Work task =
Transcribe the records that follow. Keep every word exactly, and drop the pictures.

.....

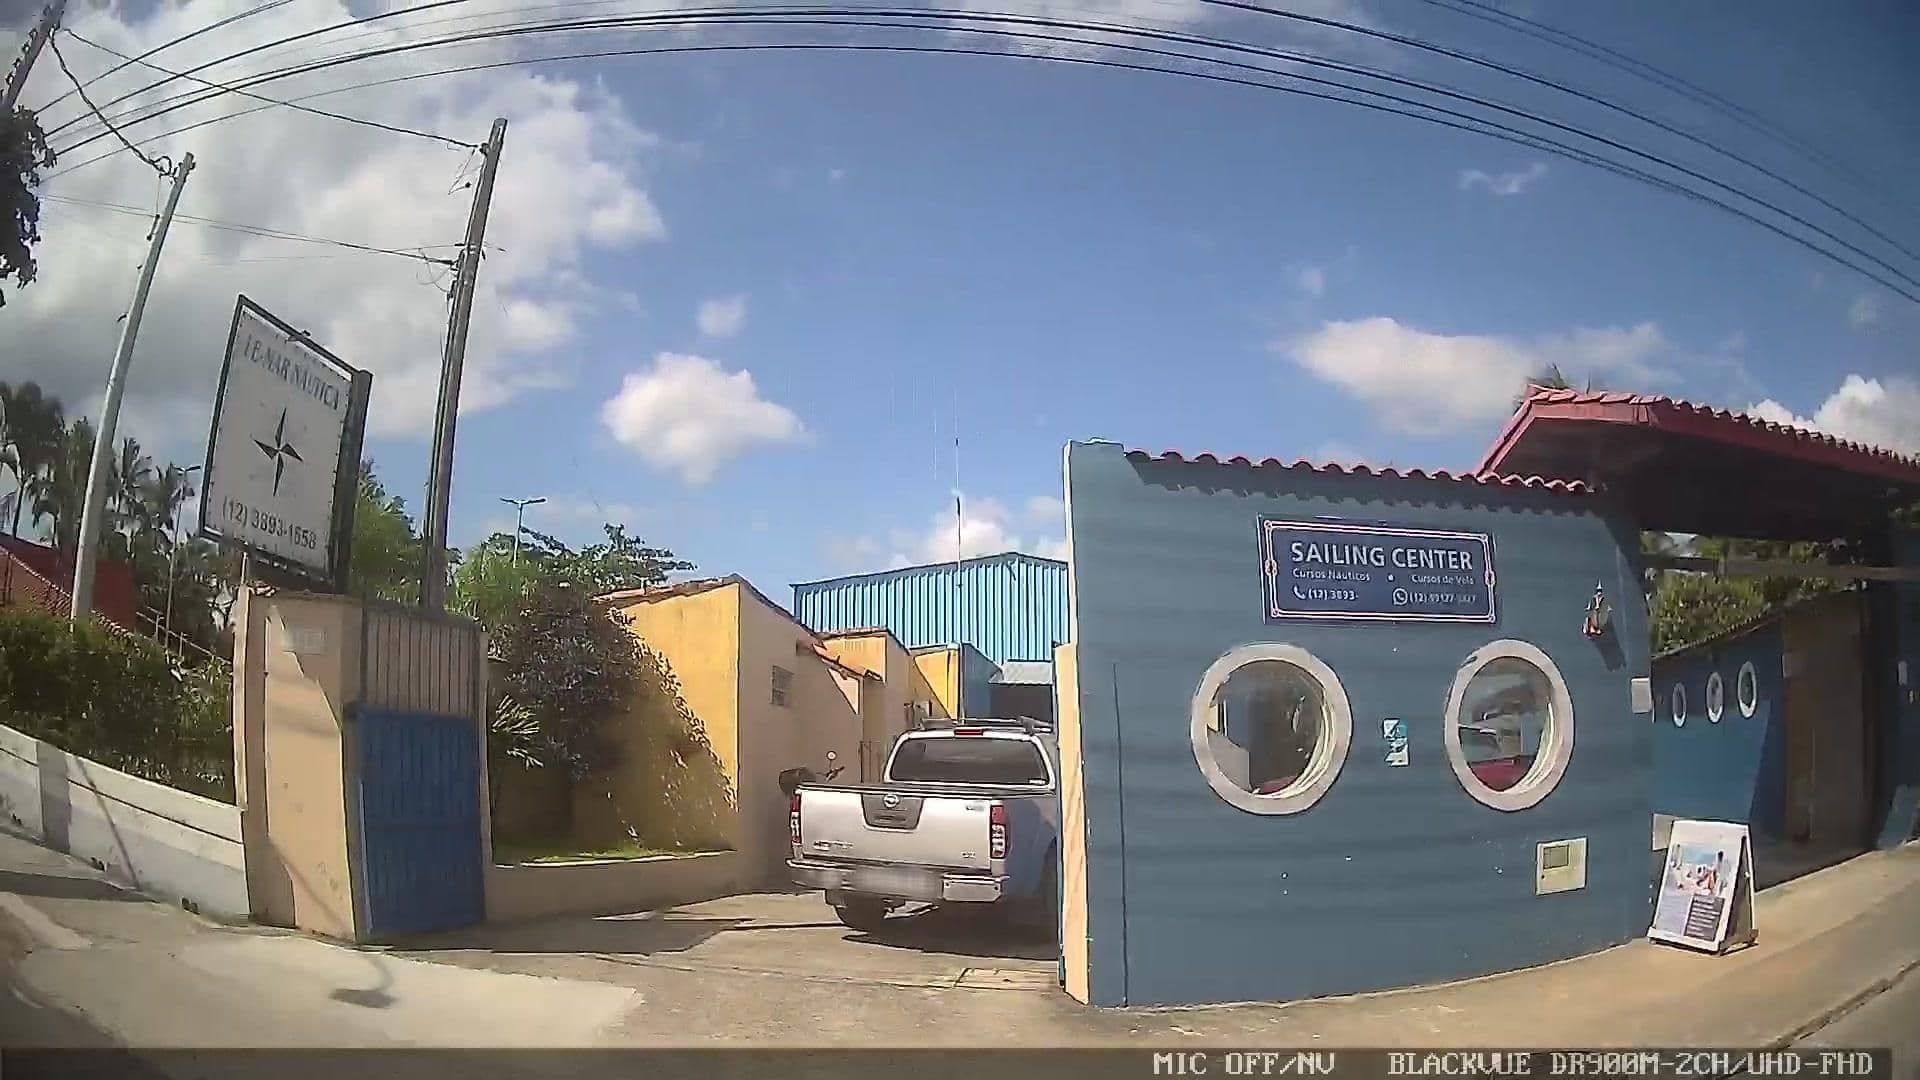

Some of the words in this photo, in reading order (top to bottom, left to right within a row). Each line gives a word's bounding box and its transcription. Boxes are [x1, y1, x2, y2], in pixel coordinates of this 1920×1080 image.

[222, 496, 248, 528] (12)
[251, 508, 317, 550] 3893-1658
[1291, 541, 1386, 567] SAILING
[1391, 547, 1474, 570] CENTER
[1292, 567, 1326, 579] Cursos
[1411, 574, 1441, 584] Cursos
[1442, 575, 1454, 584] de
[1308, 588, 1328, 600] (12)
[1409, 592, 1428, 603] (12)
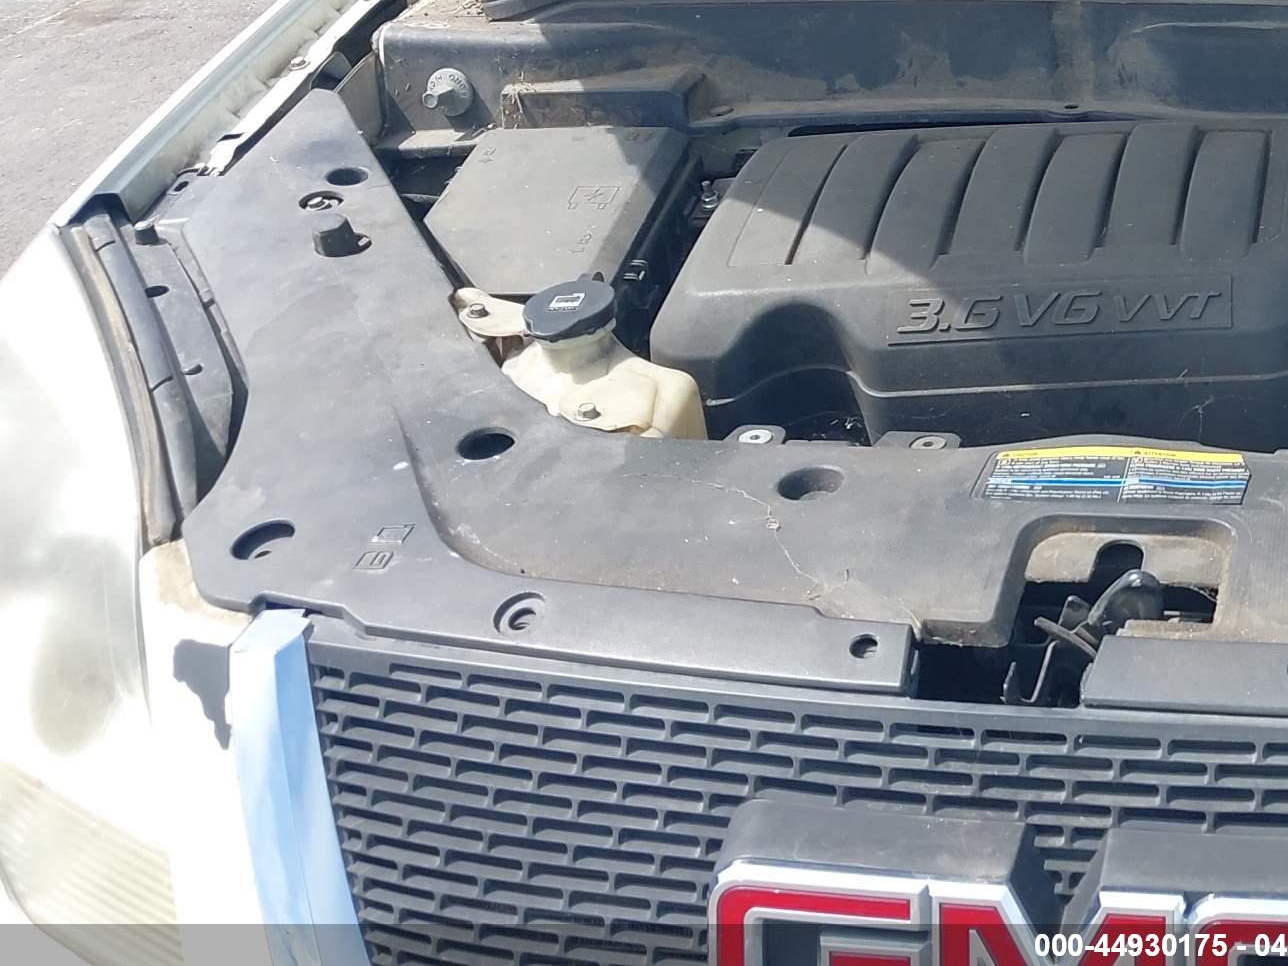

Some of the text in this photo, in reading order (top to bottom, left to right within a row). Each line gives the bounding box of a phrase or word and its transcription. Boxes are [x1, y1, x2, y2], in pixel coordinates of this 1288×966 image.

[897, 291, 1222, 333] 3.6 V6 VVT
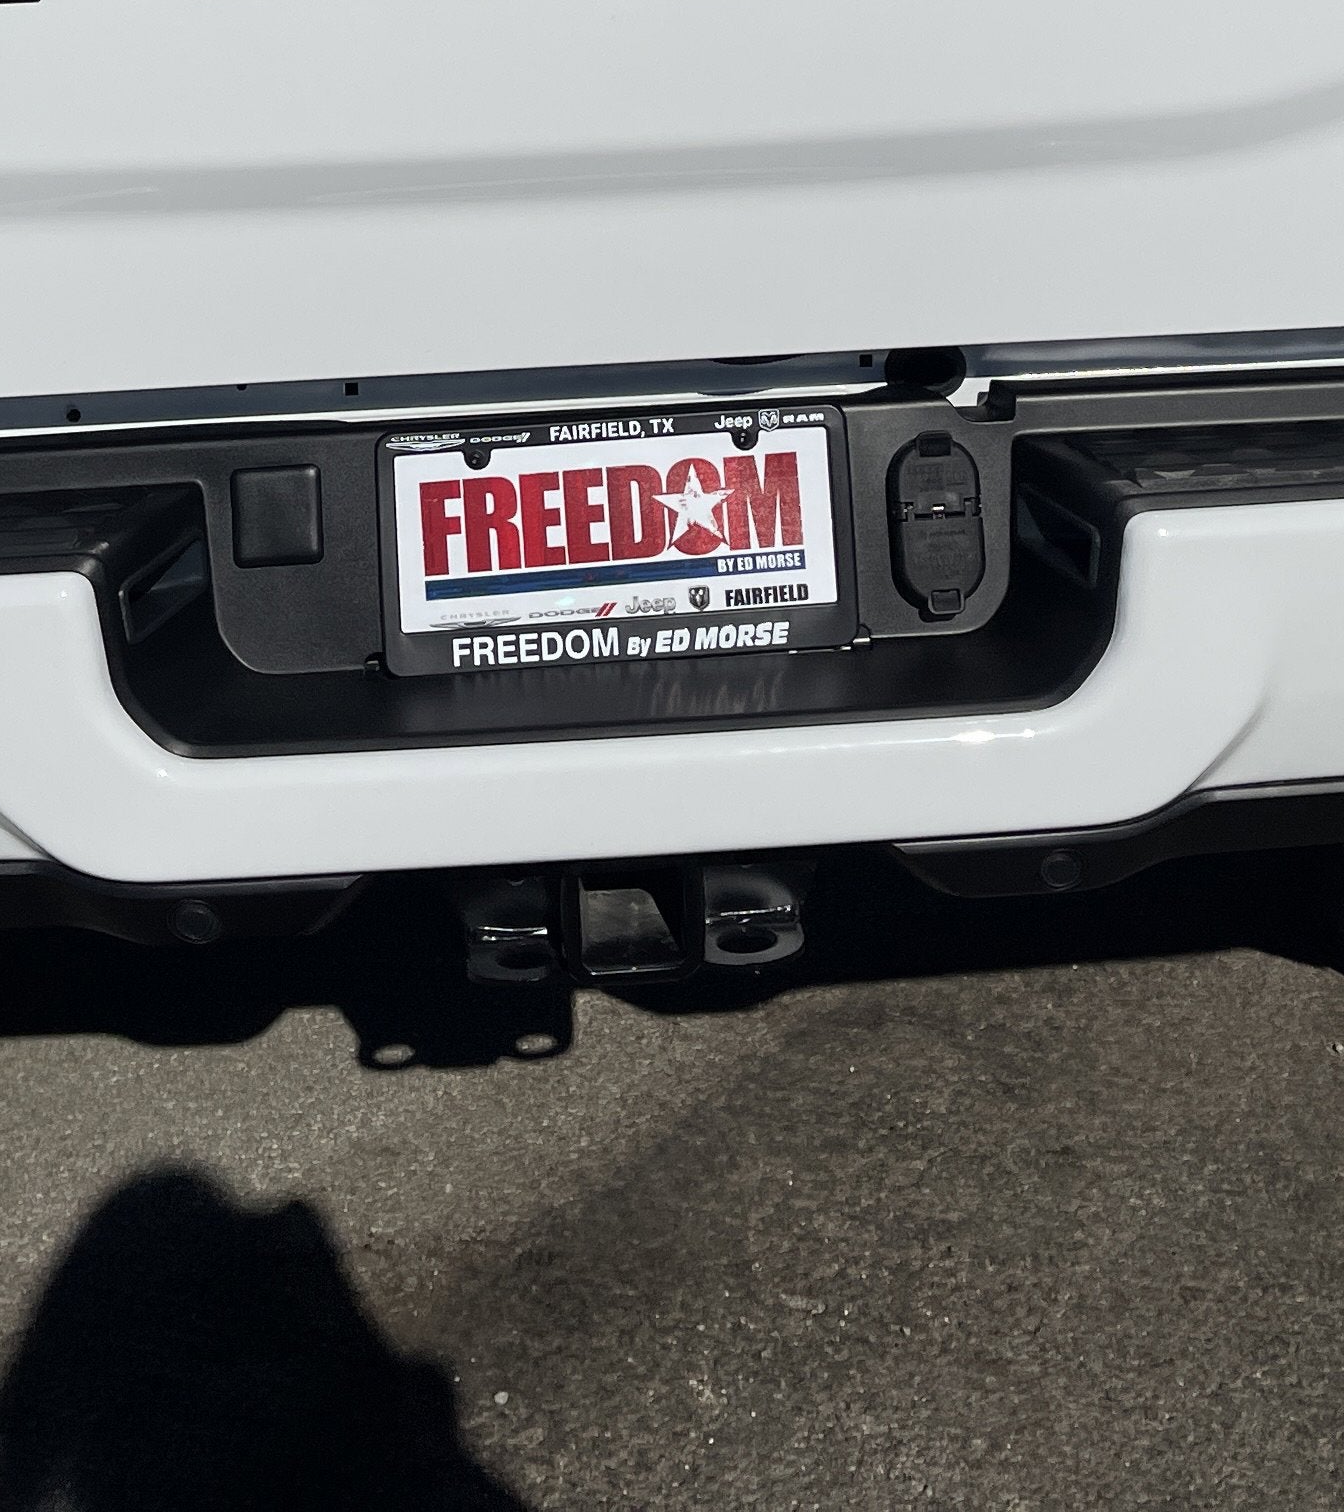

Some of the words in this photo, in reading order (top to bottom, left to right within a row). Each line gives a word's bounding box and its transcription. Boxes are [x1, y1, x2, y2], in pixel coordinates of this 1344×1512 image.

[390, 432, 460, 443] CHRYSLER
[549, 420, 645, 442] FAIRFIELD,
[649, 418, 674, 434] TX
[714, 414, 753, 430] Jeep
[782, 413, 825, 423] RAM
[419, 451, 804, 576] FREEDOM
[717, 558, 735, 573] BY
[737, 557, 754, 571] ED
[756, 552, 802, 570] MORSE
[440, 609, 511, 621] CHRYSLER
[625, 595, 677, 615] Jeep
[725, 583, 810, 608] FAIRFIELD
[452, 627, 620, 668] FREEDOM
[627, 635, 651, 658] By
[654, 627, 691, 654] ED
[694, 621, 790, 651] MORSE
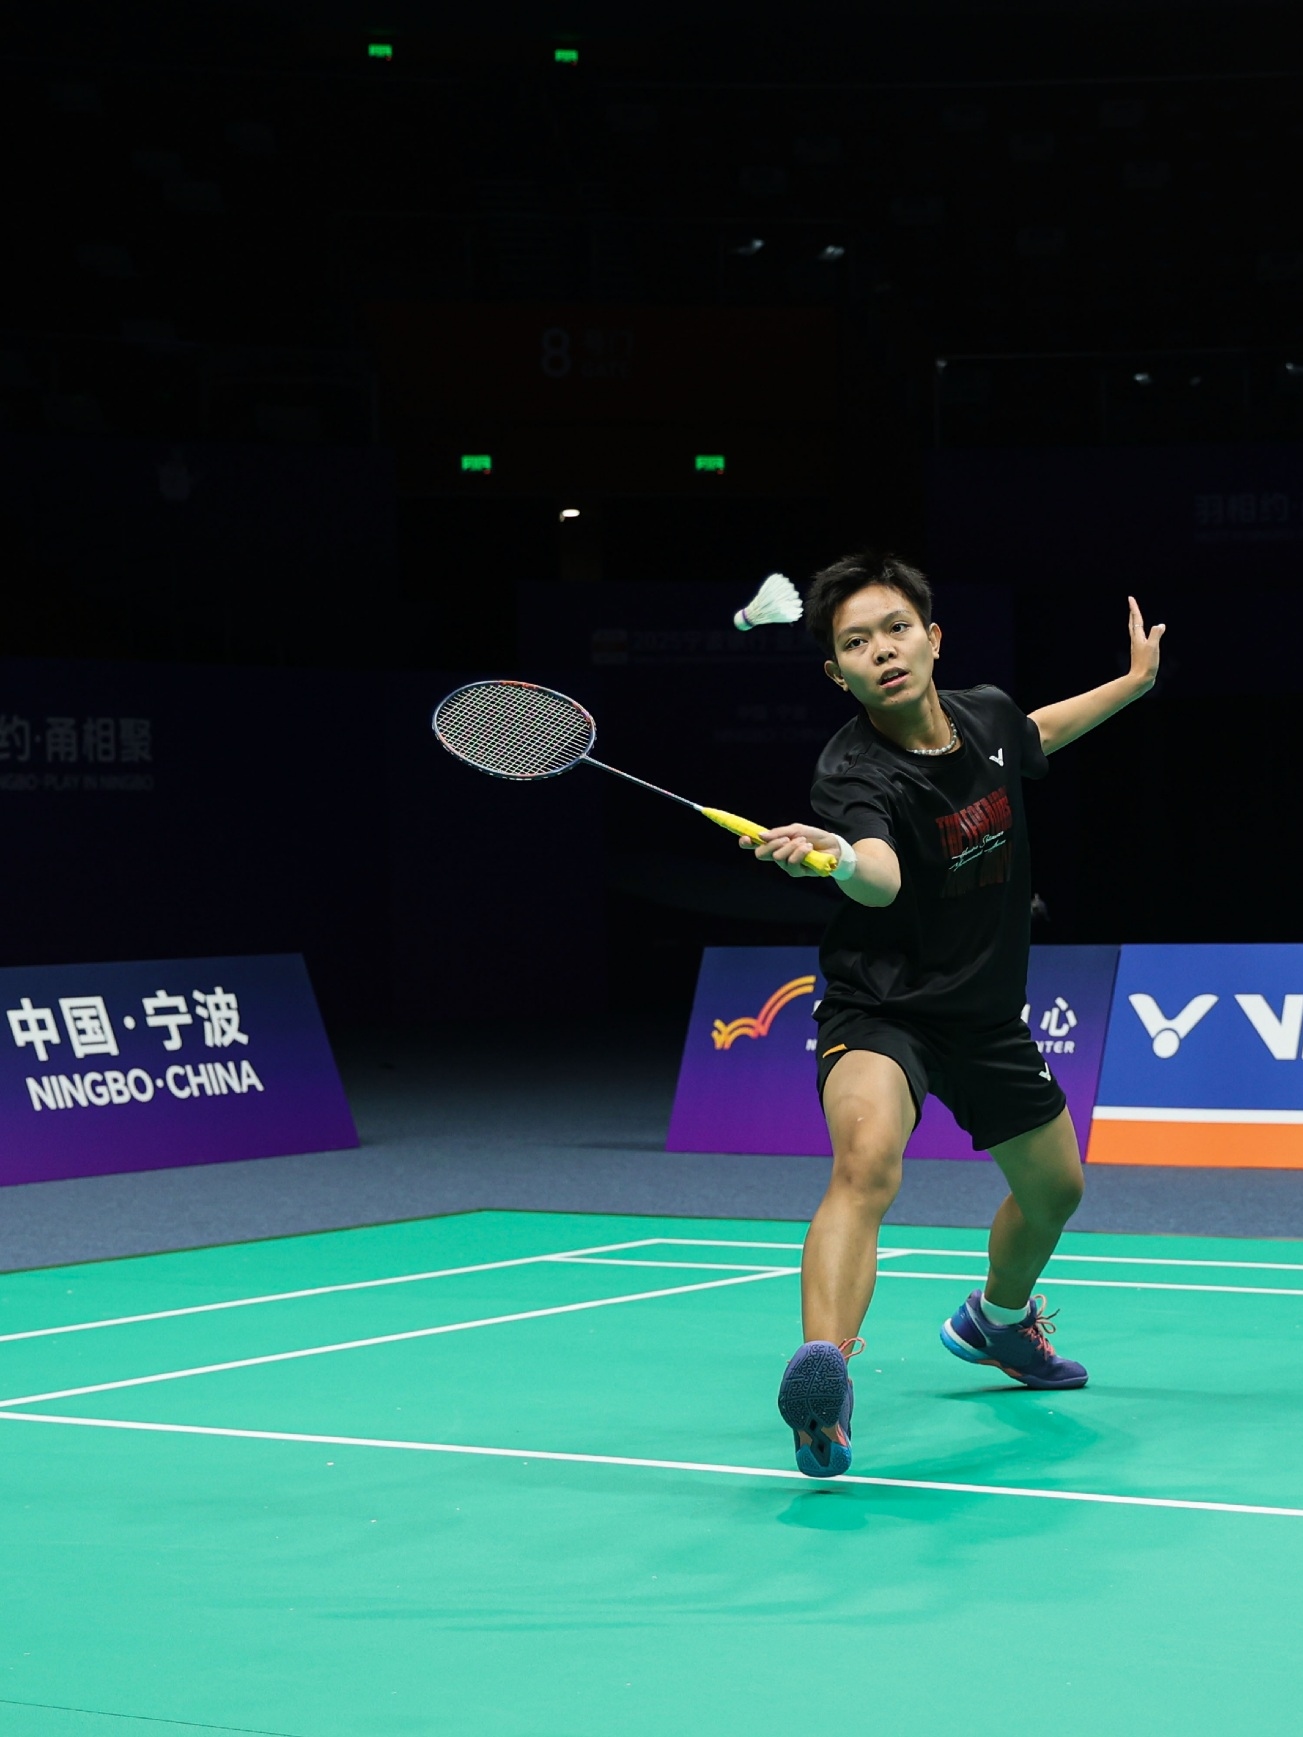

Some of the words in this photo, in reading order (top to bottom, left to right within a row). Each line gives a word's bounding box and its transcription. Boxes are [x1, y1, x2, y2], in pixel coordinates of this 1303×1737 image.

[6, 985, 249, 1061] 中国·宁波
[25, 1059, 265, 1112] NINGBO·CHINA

.....

Task result =
Some of the words in this photo, in reading order (top to bottom, left to right within a row). Each line gives a word's bounding box and its transcription. Boxes are [x1, y1, x2, y2], in pixel coordinates of this 1920×1080 image.

[222, 496, 248, 528] (12)
[251, 508, 317, 550] 3893-1658
[1291, 541, 1386, 567] SAILING
[1391, 547, 1474, 570] CENTER
[1292, 567, 1326, 579] Cursos
[1411, 574, 1441, 584] Cursos
[1442, 575, 1454, 584] de
[1308, 588, 1328, 600] (12)
[1409, 592, 1428, 603] (12)

Some of the text in this photo, in reading order (top to bottom, left to right within a row). Each line gives the bounding box of a phrase or word and its transcription. Boxes are [x1, y1, x2, y2], in pixel coordinates of this 1288×966 image.

[897, 291, 1222, 333] 3.6 V6 VVT

Some of the words in this photo, in reading order (top to bottom, left to right within a row). Each line gives a word's bounding box and its transcription. Boxes are [x1, y1, x2, y2], in pixel coordinates of this 1344×1512 image.

[390, 432, 460, 443] CHRYSLER
[549, 420, 645, 442] FAIRFIELD,
[649, 418, 674, 434] TX
[714, 414, 753, 430] Jeep
[782, 413, 825, 423] RAM
[419, 451, 804, 576] FREEDOM
[717, 558, 735, 573] BY
[737, 557, 754, 571] ED
[756, 552, 802, 570] MORSE
[440, 609, 511, 621] CHRYSLER
[625, 595, 677, 615] Jeep
[725, 583, 810, 608] FAIRFIELD
[452, 627, 620, 668] FREEDOM
[627, 635, 651, 658] By
[654, 627, 691, 654] ED
[694, 621, 790, 651] MORSE

Some of the words in this photo, in reading order (top to bottom, left to right within a row). Each line gives a word's bounding box and its transcription. Boxes are [x1, y1, x2, y2], in pixel coordinates of this 1303×1737 image.

[6, 985, 249, 1061] 中国·宁波
[25, 1059, 265, 1112] NINGBO·CHINA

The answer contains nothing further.